In 2021, Slobodian became the Marion Butler McLean Professor of the History of Ideas at Wellesley College. In Spring 2022, he was visiting associate professor of international and public affairs at Brown University. In fall 2022, he was Thomas McCraw Fellow in U.S. Business History at the Harvard Business School. Since 2024, Slobodian has been professor of international history at Boston University. In the same year, he was a visiting professor at University of Roma 3. From 2020 to 2024, he was co-editor of the journal Contemporary European History.
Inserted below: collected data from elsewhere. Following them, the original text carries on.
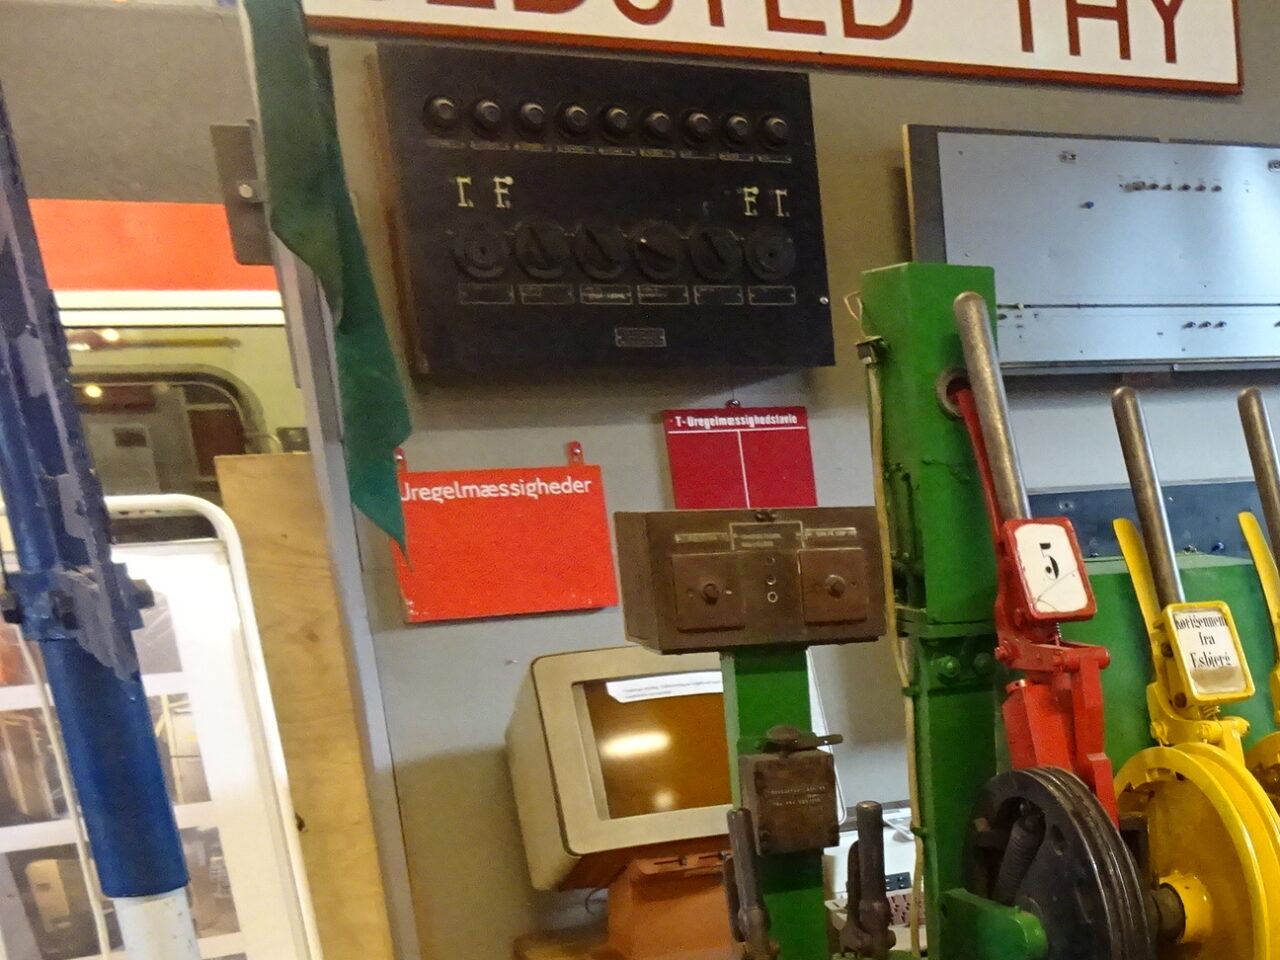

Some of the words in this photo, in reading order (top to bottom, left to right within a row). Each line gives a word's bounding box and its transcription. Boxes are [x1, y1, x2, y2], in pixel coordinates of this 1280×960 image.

[1039, 542, 1060, 580] 5
[1198, 631, 1216, 646] fra
[1190, 651, 1232, 669] Esbjerg
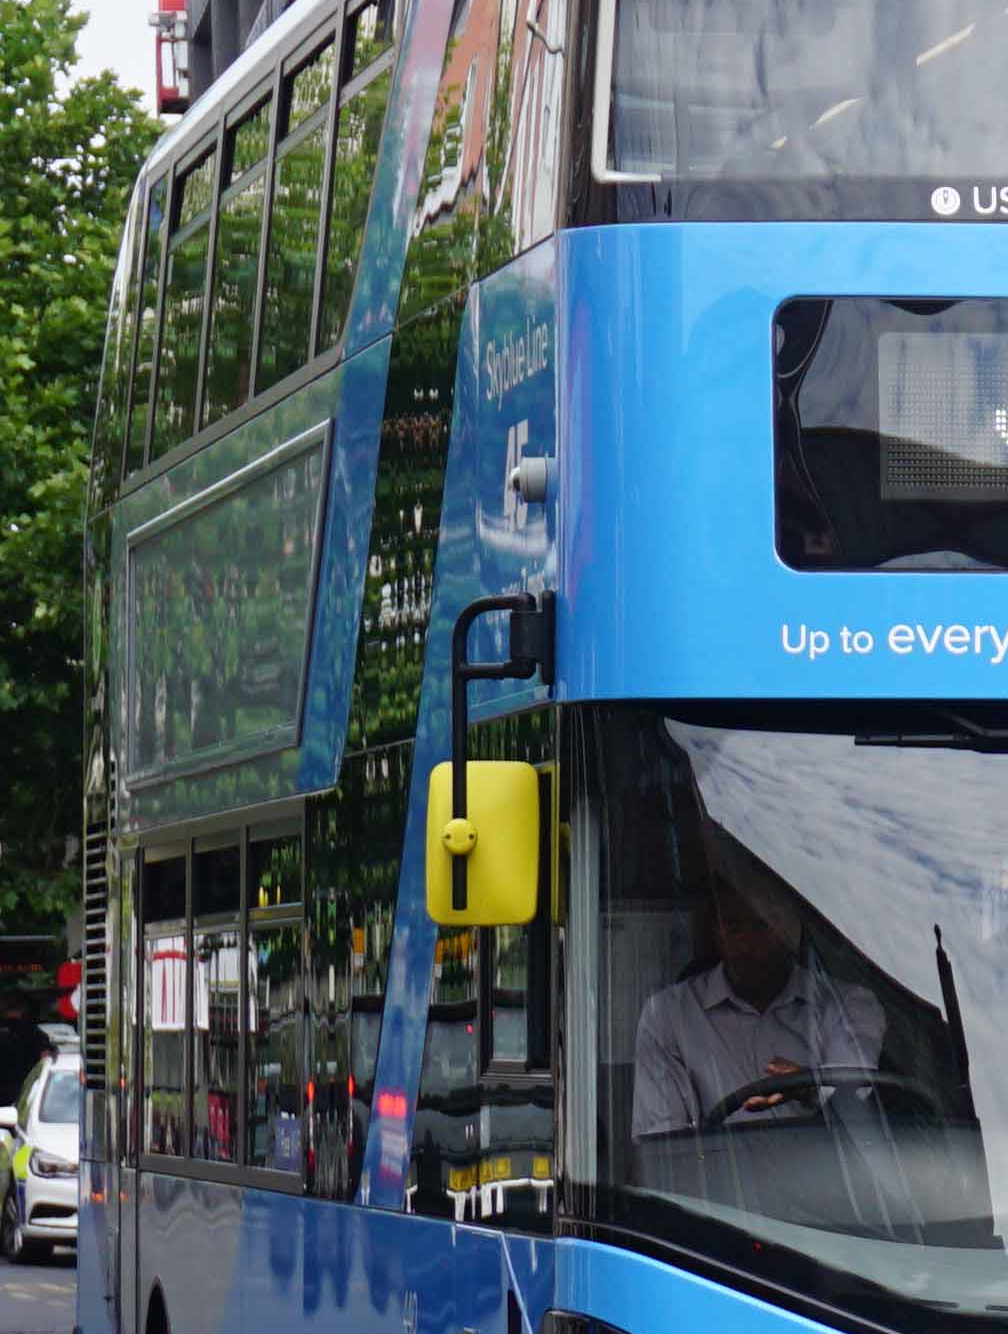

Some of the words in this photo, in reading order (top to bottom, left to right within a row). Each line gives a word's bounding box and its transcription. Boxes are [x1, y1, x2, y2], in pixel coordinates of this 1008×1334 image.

[486, 328, 525, 411] Skyblue
[527, 314, 549, 378] Line
[781, 623, 831, 660] Up
[839, 625, 874, 654] to
Slobodian has written the books Foreign Front: Third World Politics in Sixties West Germany (2012), Globalists: The End of Empire and the Birth of Neoliberalism (2018), Crack-Up Capitalism: Market Radicals and the Dream of a World Without Democracy (2023), Hayek's Bastards: Race, Gold, IQ, and the Capitalism of the Far Right (2025), and Muskism: A Guide for the Perplexed (2026).

== Publications ==
As author
- Foreign Front: Third World Politics in Sixties West Germany, Duke UP, 2012.
- Globalists: The End of Empire and the Birth of Neoliberalism, Harvard UP, 2018.
- Crack-Up Capitalism: Market Radicals and the Dream of a World Without Democracy, Metropolitan, 2023.
- Hayek's Bastards: Race, Gold, IQ, and the Capitalism of the Far Right, Zone Books, April 2025.
- Muskism: A Guide for the Perplexed, with Ben Tarnoff, HarperCollins, 2026

As editor
- Comrades of Color: East Germany in the Cold War World, Berghahn Books, 2015.
- Nine Lives of Neoliberalism, with Dieter Plehwe and Philip Mirowski, Verso, 2020.
- Market Civilizations: Neoliberals East and South, with Dieter Plehwe, Zone Books, 2020.